▶ Task item
Each entry below is to be restated word for word, with no pictures carried over.

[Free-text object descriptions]
========================================
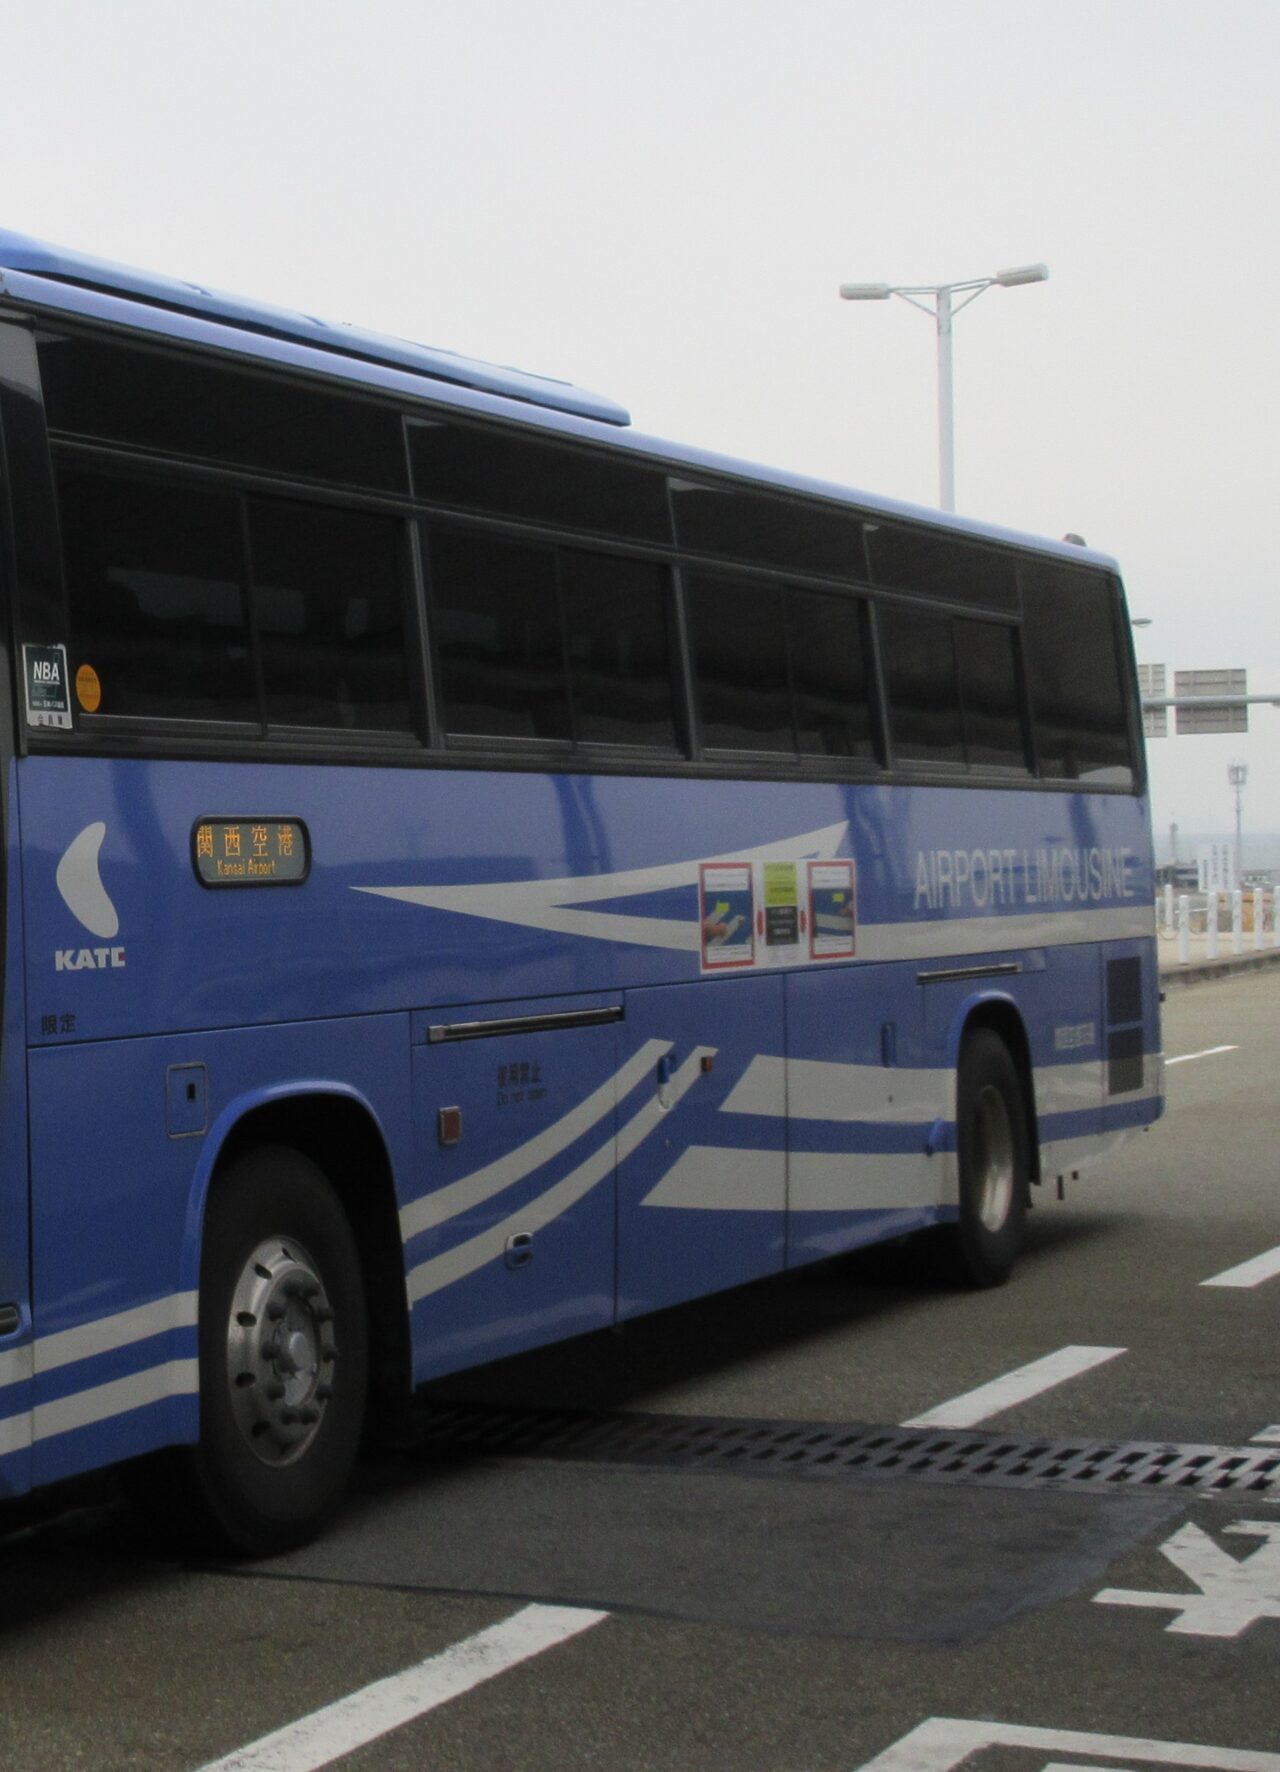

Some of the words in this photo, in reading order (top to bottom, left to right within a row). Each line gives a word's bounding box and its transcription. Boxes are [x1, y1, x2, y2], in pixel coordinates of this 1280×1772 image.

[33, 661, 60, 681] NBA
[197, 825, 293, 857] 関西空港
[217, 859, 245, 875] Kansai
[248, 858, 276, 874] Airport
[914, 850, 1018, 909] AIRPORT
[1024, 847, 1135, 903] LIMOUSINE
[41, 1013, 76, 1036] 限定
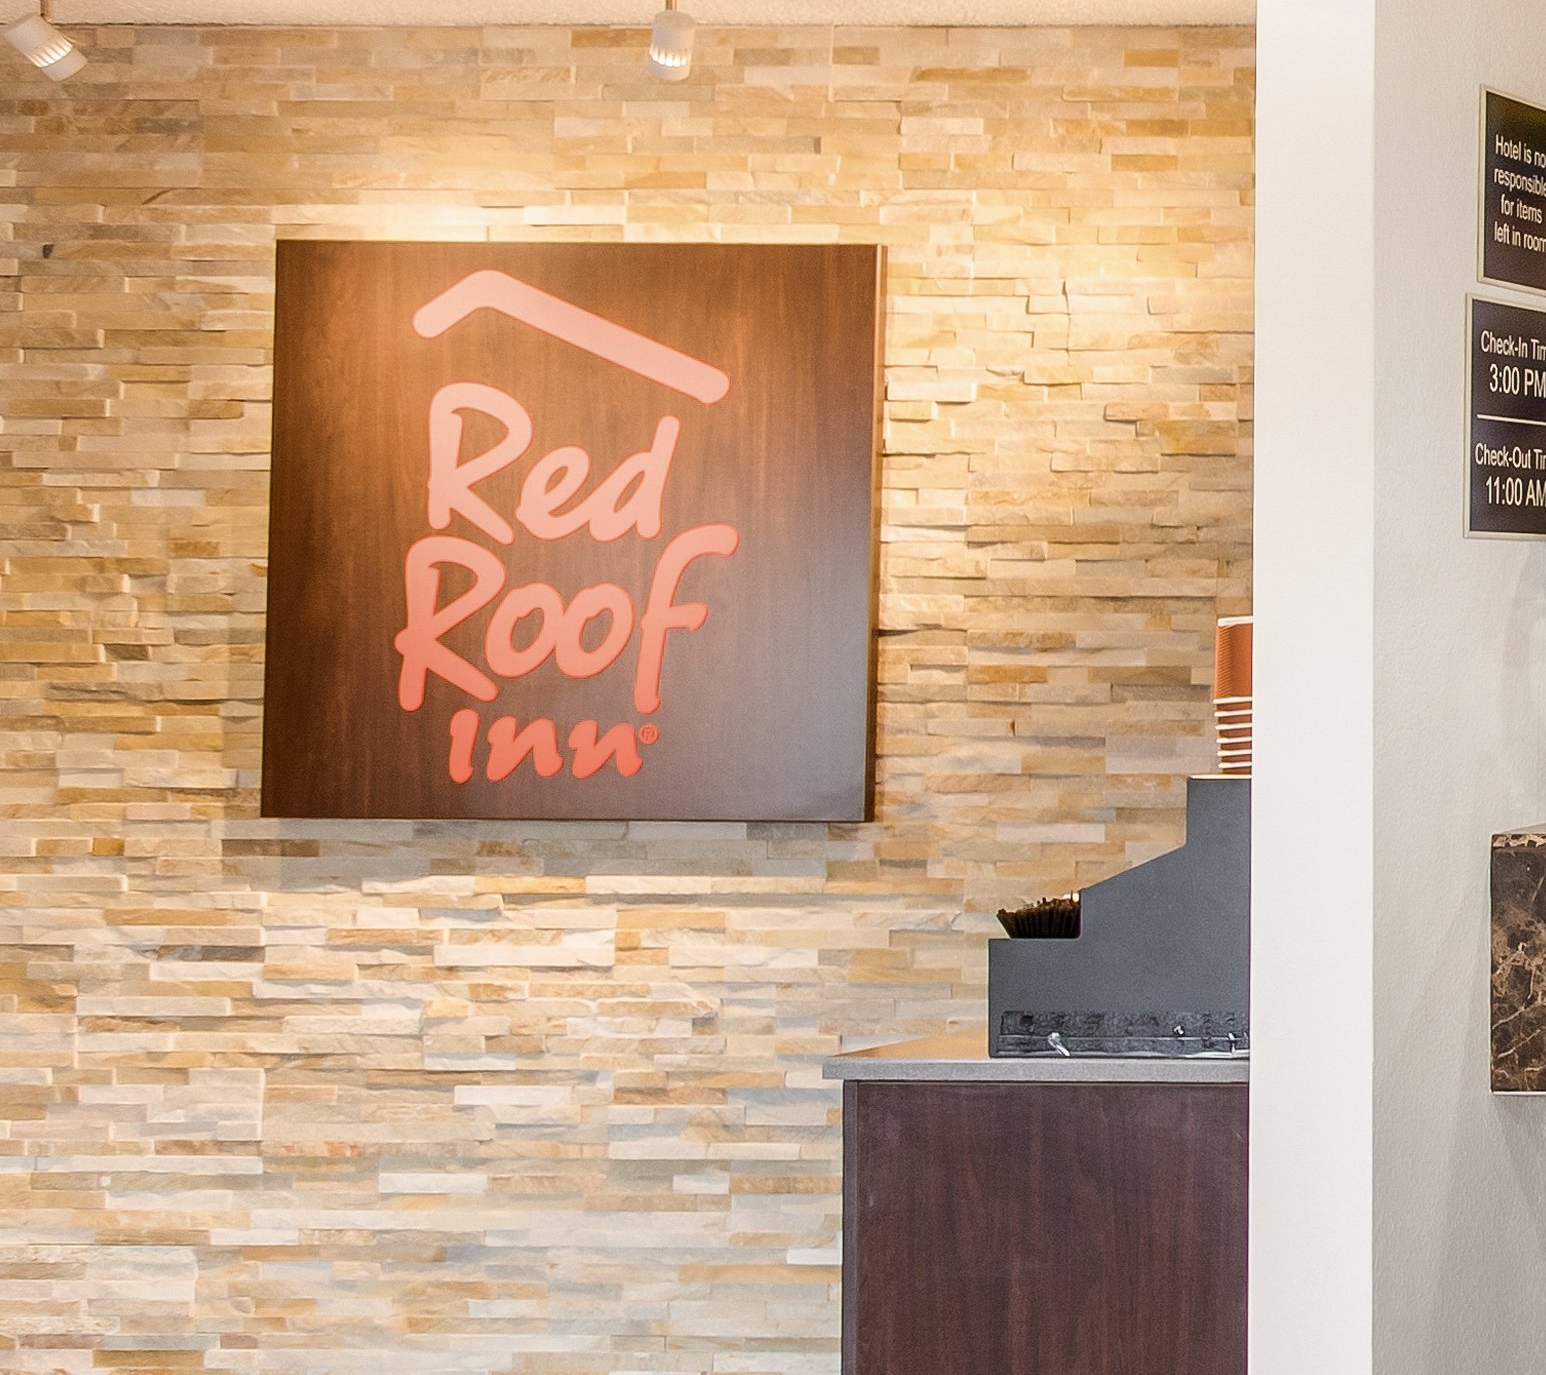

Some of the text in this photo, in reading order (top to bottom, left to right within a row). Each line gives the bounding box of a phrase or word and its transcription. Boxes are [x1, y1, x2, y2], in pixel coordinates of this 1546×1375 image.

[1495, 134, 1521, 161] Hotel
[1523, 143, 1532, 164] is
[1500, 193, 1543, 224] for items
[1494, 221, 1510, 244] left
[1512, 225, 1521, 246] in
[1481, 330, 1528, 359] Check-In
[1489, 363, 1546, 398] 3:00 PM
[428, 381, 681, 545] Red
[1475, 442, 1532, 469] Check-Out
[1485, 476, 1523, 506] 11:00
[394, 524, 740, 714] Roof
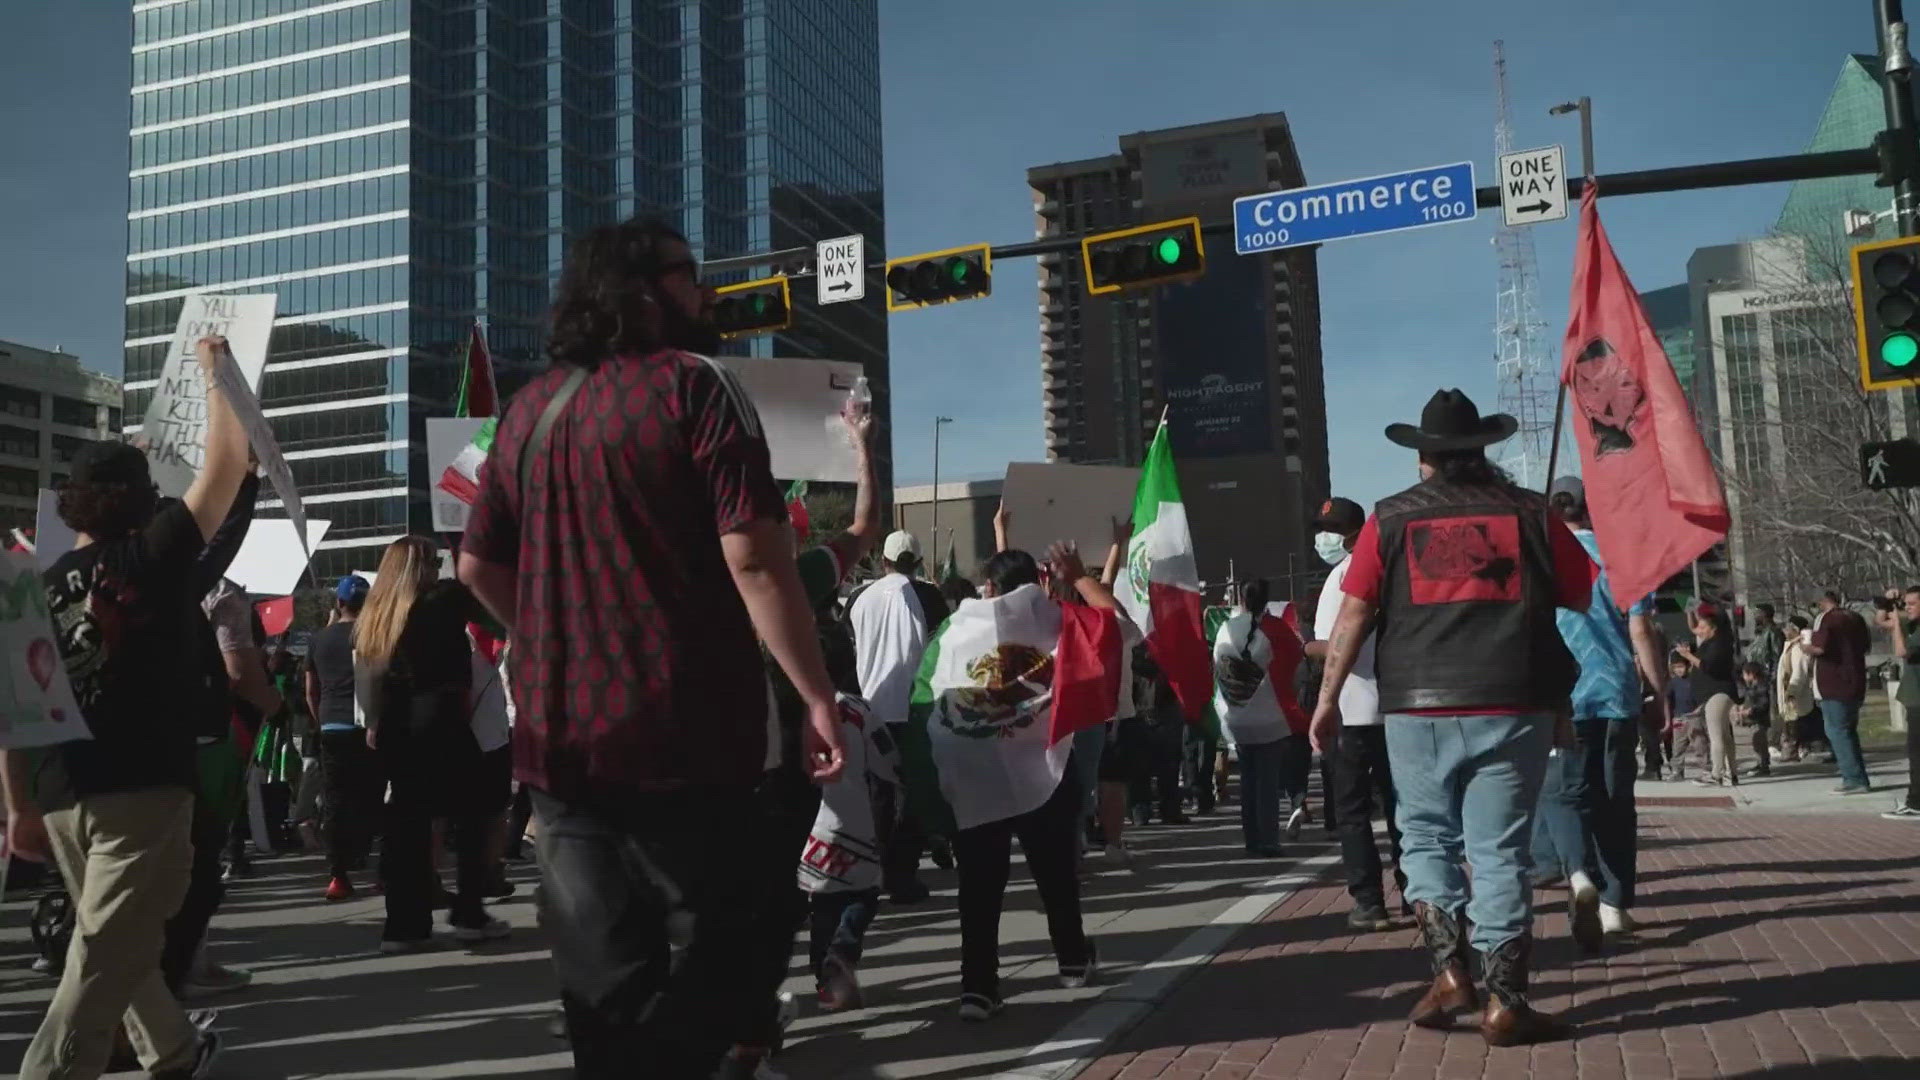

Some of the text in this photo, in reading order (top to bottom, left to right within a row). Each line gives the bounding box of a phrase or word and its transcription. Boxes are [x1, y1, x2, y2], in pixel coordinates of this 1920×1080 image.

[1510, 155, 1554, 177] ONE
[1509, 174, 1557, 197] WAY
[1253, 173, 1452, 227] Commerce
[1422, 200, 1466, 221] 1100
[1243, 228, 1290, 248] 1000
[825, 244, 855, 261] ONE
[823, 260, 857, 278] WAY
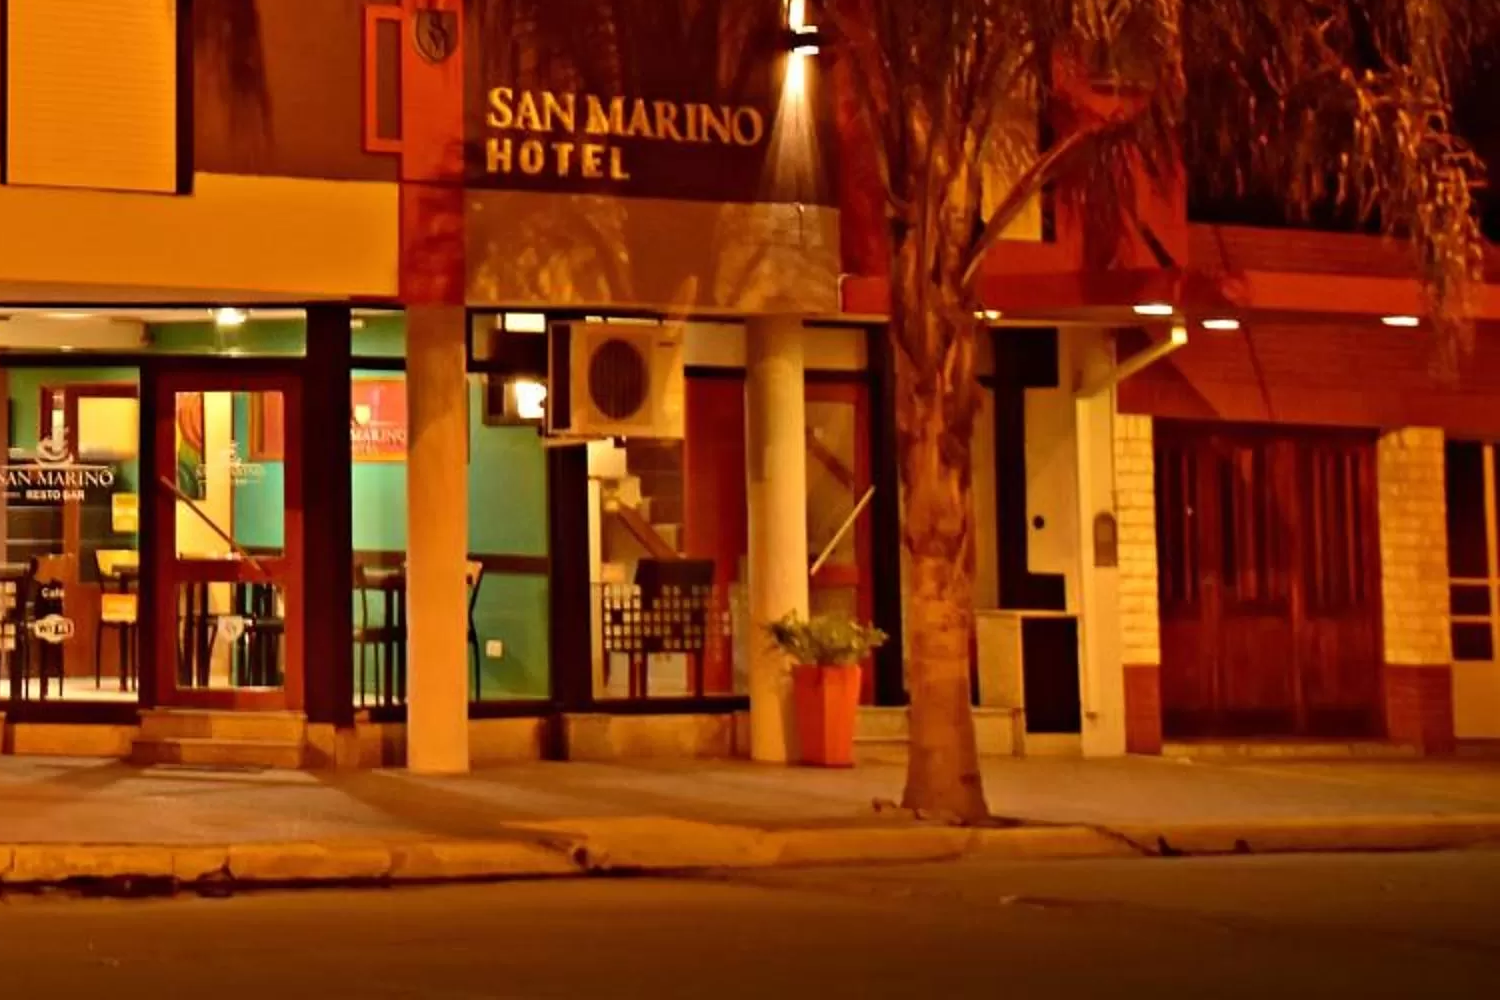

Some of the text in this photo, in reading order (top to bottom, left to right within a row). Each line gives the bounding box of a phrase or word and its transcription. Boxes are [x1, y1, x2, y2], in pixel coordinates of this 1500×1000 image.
========================================
▶ Answer area
Some of the words in this photo, in reading order (top to bottom, left to right within a row). Each line gives a word's bounding box and its transcription. Boxes are [x1, y1, x2, y2], in pixel coordinates of this 1280×1772 image.

[33, 661, 60, 681] NBA
[197, 825, 293, 857] 関西空港
[217, 859, 245, 875] Kansai
[248, 858, 276, 874] Airport
[914, 850, 1018, 909] AIRPORT
[1024, 847, 1135, 903] LIMOUSINE
[41, 1013, 76, 1036] 限定

Some of the text in this photo, in reading order (top to bottom, left to right within a row). Each line gives the bounding box of a phrase or word and its transcription. Boxes are [x1, y1, x2, y2], in pixel coordinates of this 1546×1375 image.

[1495, 134, 1521, 161] Hotel
[1523, 143, 1532, 164] is
[1500, 193, 1543, 224] for items
[1494, 221, 1510, 244] left
[1512, 225, 1521, 246] in
[1481, 330, 1528, 359] Check-In
[1489, 363, 1546, 398] 3:00 PM
[428, 381, 681, 545] Red
[1475, 442, 1532, 469] Check-Out
[1485, 476, 1523, 506] 11:00
[394, 524, 740, 714] Roof

Some of the text in this photo, in reading order (top to bottom, left to right within a row). Each line gives the bounding box of a phrase or word and its transcription. Boxes are [x1, y1, x2, y2], in pixel coordinates of this 1920×1080 image.

[1510, 155, 1554, 177] ONE
[1509, 174, 1557, 197] WAY
[1253, 173, 1452, 227] Commerce
[1422, 200, 1466, 221] 1100
[1243, 228, 1290, 248] 1000
[825, 244, 855, 261] ONE
[823, 260, 857, 278] WAY

Some of the text in this photo, in reading order (top to bottom, left to right within a row). Each line gives the bounding box of a phrase or word and its transcription. Boxes are [x1, y1, x2, y2], in pixel coordinates of this 1500×1000 image.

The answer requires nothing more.